Prima delle influencer, prima ancora delle blogger, molto prima delle it girls, portatrici sane di moda, direttamente dentro le nostre case, erano le serie TV. Gli anni sono passati, le cose sono cambiate e si sono evolute, grazie all'arrivo delle nuove tecnologie, che ci permettono di fruire della moda direttamente con un click, accedendo ai social network, su cui spesso le maison mostrano in anteprima i capi che saranno di tendenza per le prossime stagioni. Eppure, il piccolo schermo riesce, oggi come ieri, a fare tendenza, ad essere considerato uno strumento più che efficace per fare conoscere nuovi marchi e per rendere abiti, accessori e brand oggetto di culto da parte di ogni donna esistente sul globo terraqueo.
La prima che ci viene in mente, a tal proposito, è sicuramente Sex and The City, la serie Tv americana che prima di ogni altra ha parlato di sesso al femminile, senza taboo e senza peli sulla lingua. Carrie, Samantha, Miranda e Charlotte vivono una vita fatta di cene, aperitivi, feste esclusive e, soprattutto, tanto shopping. Come faccia Carrie Bradshaw a comprare centinaia su centinaia di scarpe, scrivendo un articolo a settimana per la sua rubrica, rimane per noi un mistero. Ma un mistero invece non è il fatto che Carrie, acquistarice compulsiva di scarpe, veneratrice di due soli idoli, ovvero Mr Big e Manolo Blahnik, abbia contribuito enormemente a diffondere la fama dello shoes designer in maniera capillare, rendendo le sue creazioni una sorta di feticcio, un mito a cui ambire.

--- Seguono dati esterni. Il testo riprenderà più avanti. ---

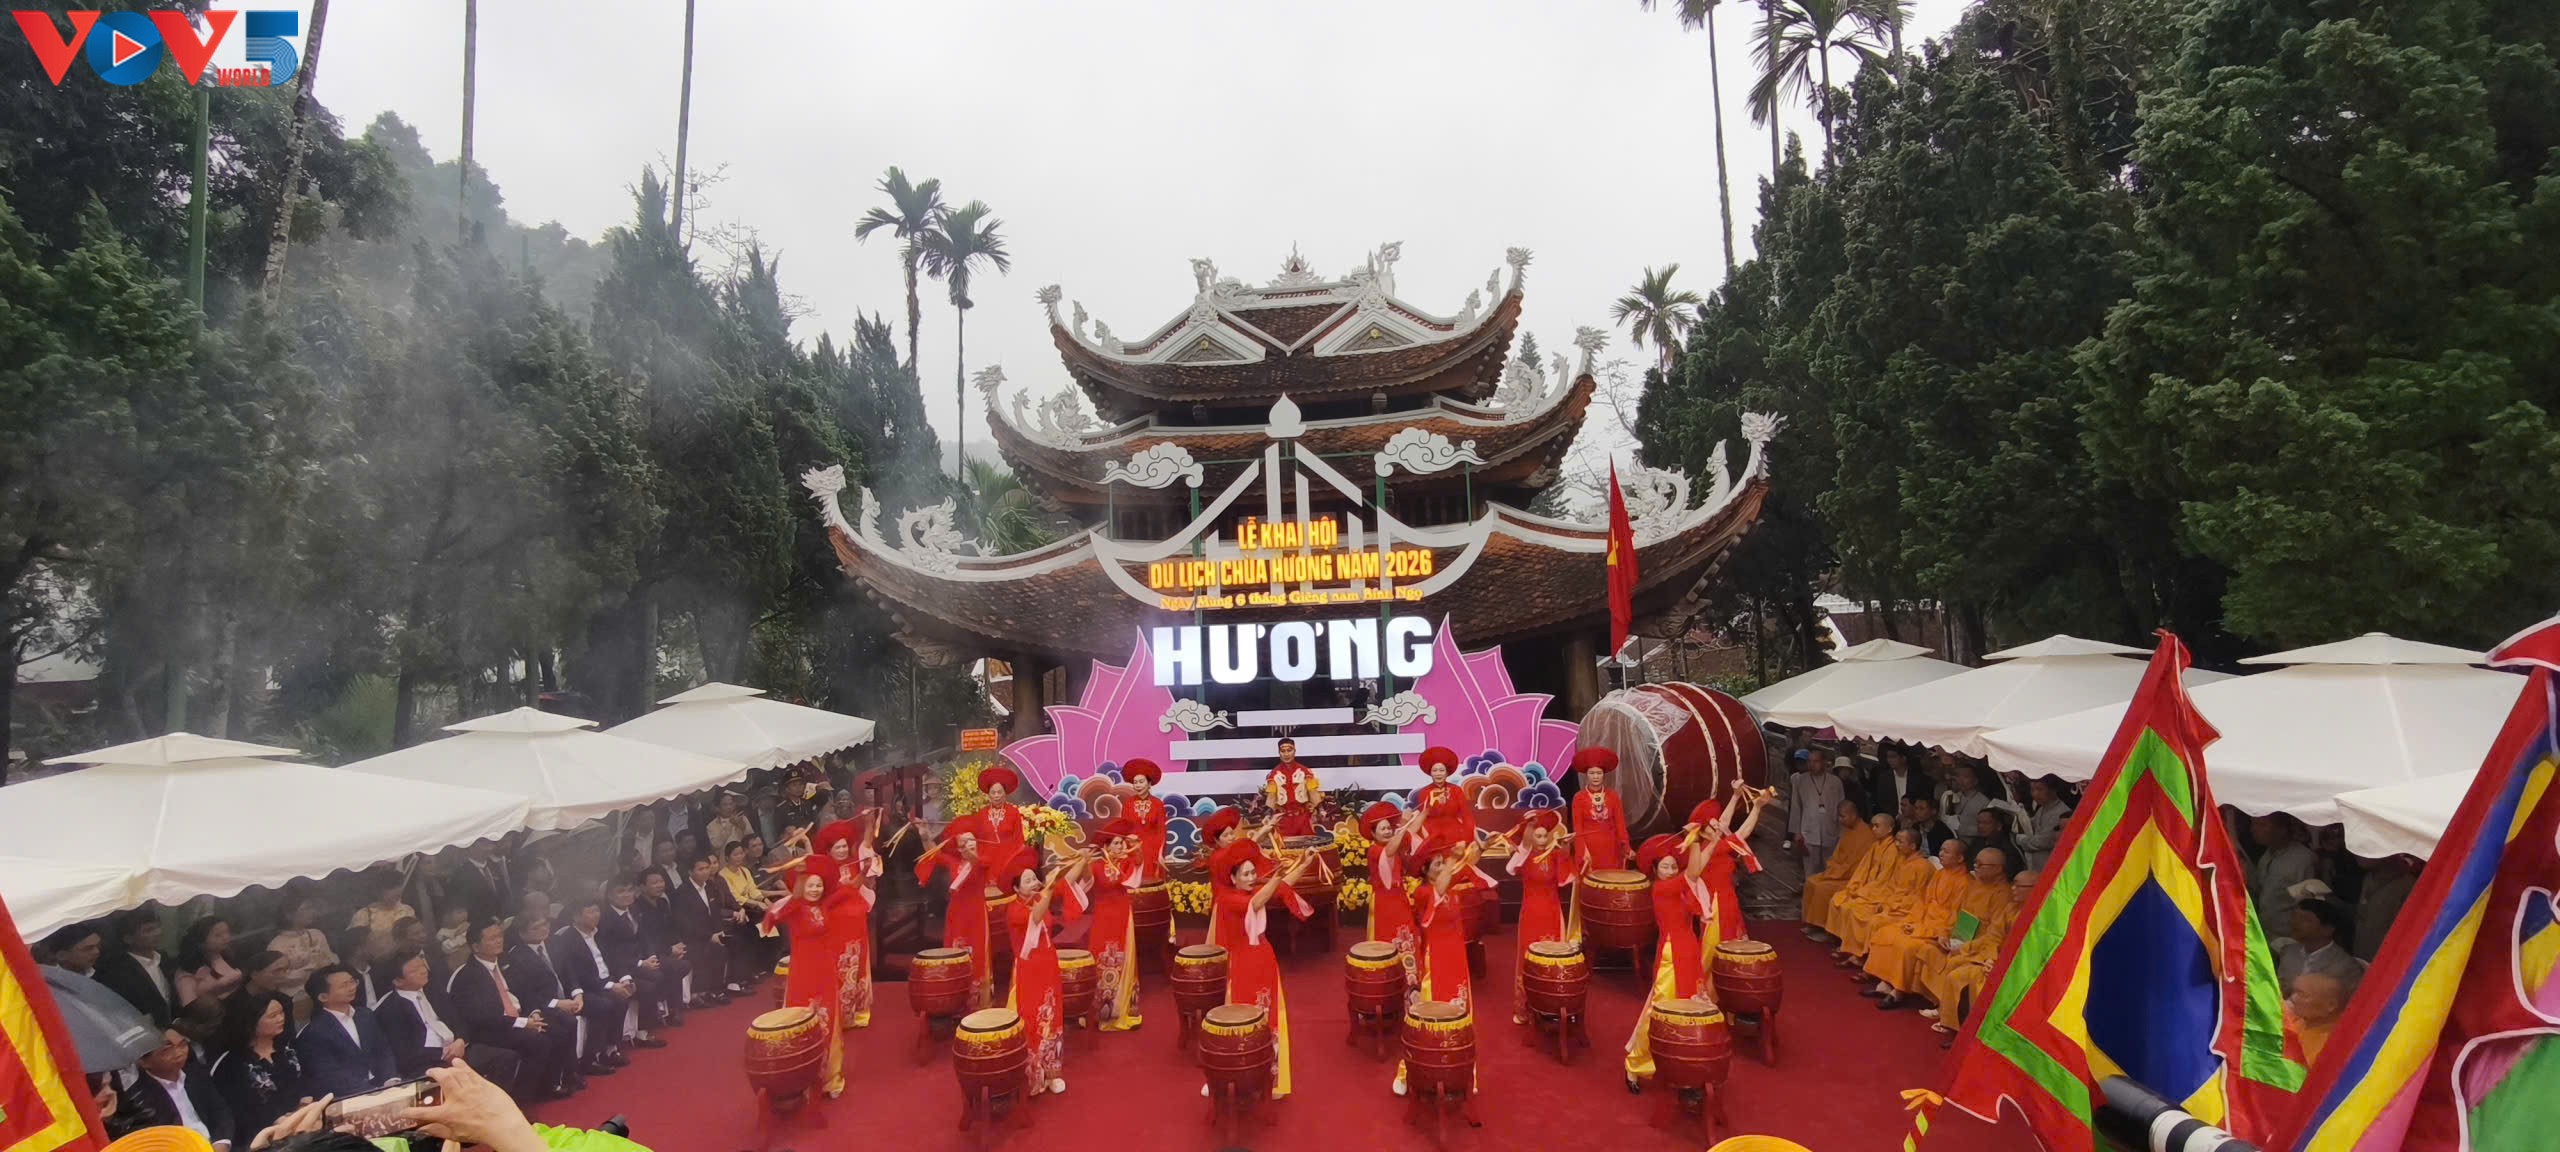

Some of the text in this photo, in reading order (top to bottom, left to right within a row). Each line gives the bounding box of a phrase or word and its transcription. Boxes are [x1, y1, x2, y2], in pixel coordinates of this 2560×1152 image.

[1238, 516, 1338, 550] LỄ KHAI HỘI
[1150, 549, 1432, 591] DU LỊCH CHÙA HƯƠNG NĂM 2026
[1235, 593, 1246, 606] 6
[1153, 616, 1433, 686] HƯƠNG

Allo stesso modo, Gossip Girl, è riuscita a fare entrare la moda che conta nelle case di milioni di telespettatori, senza distinzione di ceto sociale, educando a colpi di borse firmate, abiti scintillanti e look sofisticati, le nuove generazioni che dalle bocche di Serena van der Woodsen e Blair Waldorf hanno imparato a conoscere nomi come Coco Chanel e Christian Louboutin. In Gossip Girl, la moda non è soltanto il pepe che condisce la trama, ma diventa portata principale in alcune puntate dove si assiste a tutto quello che sta dietro ad una sfilata, dalla creazione alla realizzazione degli abiti, dal sitting agli inviti, fino ad arrivare allo show vero e proprio, che vede protagonista in passerella proprio Serena. I look delle ragazze di Gossip Girl, super curati e attenti (molto diversi ad esempio da quelli di Carrie, smaccatamente più eccentrici e fintamente lasciati al caso), le hanno fatte entrare di diritto nell'Olimpo delle fashion icon, dettando tendenza.

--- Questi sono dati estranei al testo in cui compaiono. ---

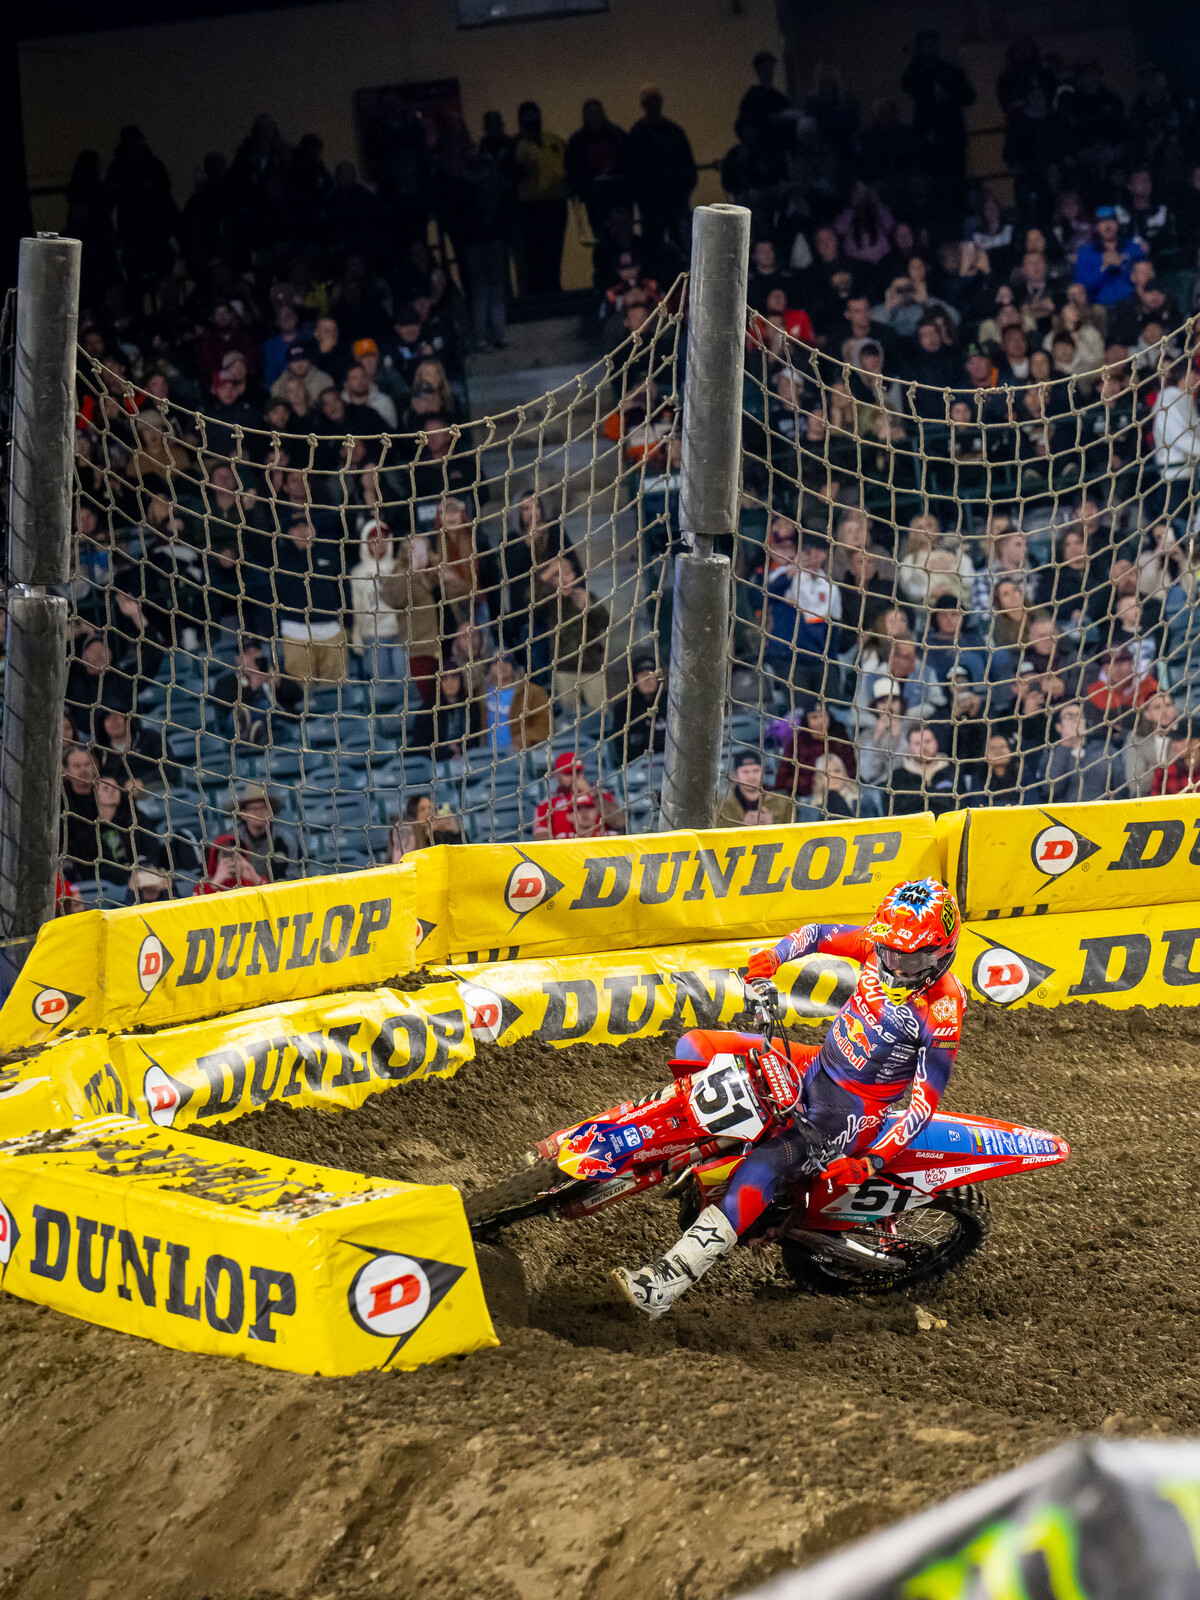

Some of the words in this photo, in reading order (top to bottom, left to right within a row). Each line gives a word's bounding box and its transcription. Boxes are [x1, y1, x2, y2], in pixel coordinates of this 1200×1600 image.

[1041, 841, 1074, 859] D
[511, 876, 543, 899] D
[569, 831, 902, 911] DUNLOP
[143, 952, 162, 975] D
[176, 897, 391, 987] DUNLOP
[985, 961, 1024, 989] D
[40, 996, 65, 1015] D
[152, 1085, 177, 1111] D
[197, 1009, 464, 1118] DUNLOP
[842, 1040, 868, 1071] Bull
[694, 1066, 754, 1134] 51
[762, 1057, 785, 1106] RENTHAL
[1022, 1154, 1060, 1165] DUNLOP
[590, 1183, 628, 1205] DUNLOP
[851, 1177, 914, 1214] 51
[30, 1204, 296, 1343] DUNLOP
[368, 1273, 422, 1318] D

Se molte giovani fanciulle, poi, hanno cominciato a sognare una carriera come giornalista di moda, molto dobbiamo ad Ugly Betty, la serie americana che racconta il magico mondo delle sfilate secondo lo sguardo, nascosto da un paio di spessi occhiali, della giovane Betty Suarez, assistente della direttrice di una rivista patinata, mettendo in evidenza che questo mondo sempre magico non è e puntando anche l'attenzione sulle ombre di questo mestiere. La serie che sotto molti aspetti ricorda Il Diavolo veste Prada – anzi che forse ne trae ispirazione - nonostante riveli l'aspetto più torbido e cinico di un universo fortemente competitivo e spesso ingabbiato in ben precisi stereotipi, è riuscita ad instillare in molte ragazze, cresciute a pane e riviste, il desiderio di diventare novelle Anna Wintour.
Molte, sono, inoltre le serie Tv che hanno portato la storia della moda sul piccolo schermo, con grande successo di pubblico. La straordinaria vicenda delle Sorelle Fontana, ad esempio, è tornata di nuovo alla luce nel 2011, grazie alla miniserie diretta da Riccardo Milani per Rai 1, che ha raccontato la vita di tre sarte che, di umili condizioni, arrivarono a cucire i vestiti delle dive di Hollywood. Per non parlare di Luisa Spagnoli, una serie di due puntate che narrava la storia dell'imprenditrice, diventata famosa per avere fondato la Perugina - sfidando convenzioni e affrontando anche il duro periodo della guerra - e successivamente per avere fondato l'omonima casa di moda.
La moda, insomma, così elitaria, esclusiva e aristocratica, ha avuto, ha e avrà sempre un prezioso alleato nel piccolo schermo, così democratico, popolare e alla portata di tutti, dimostrazione che, a volte, gli ossimori riescono a funzionare e non solo in poesia.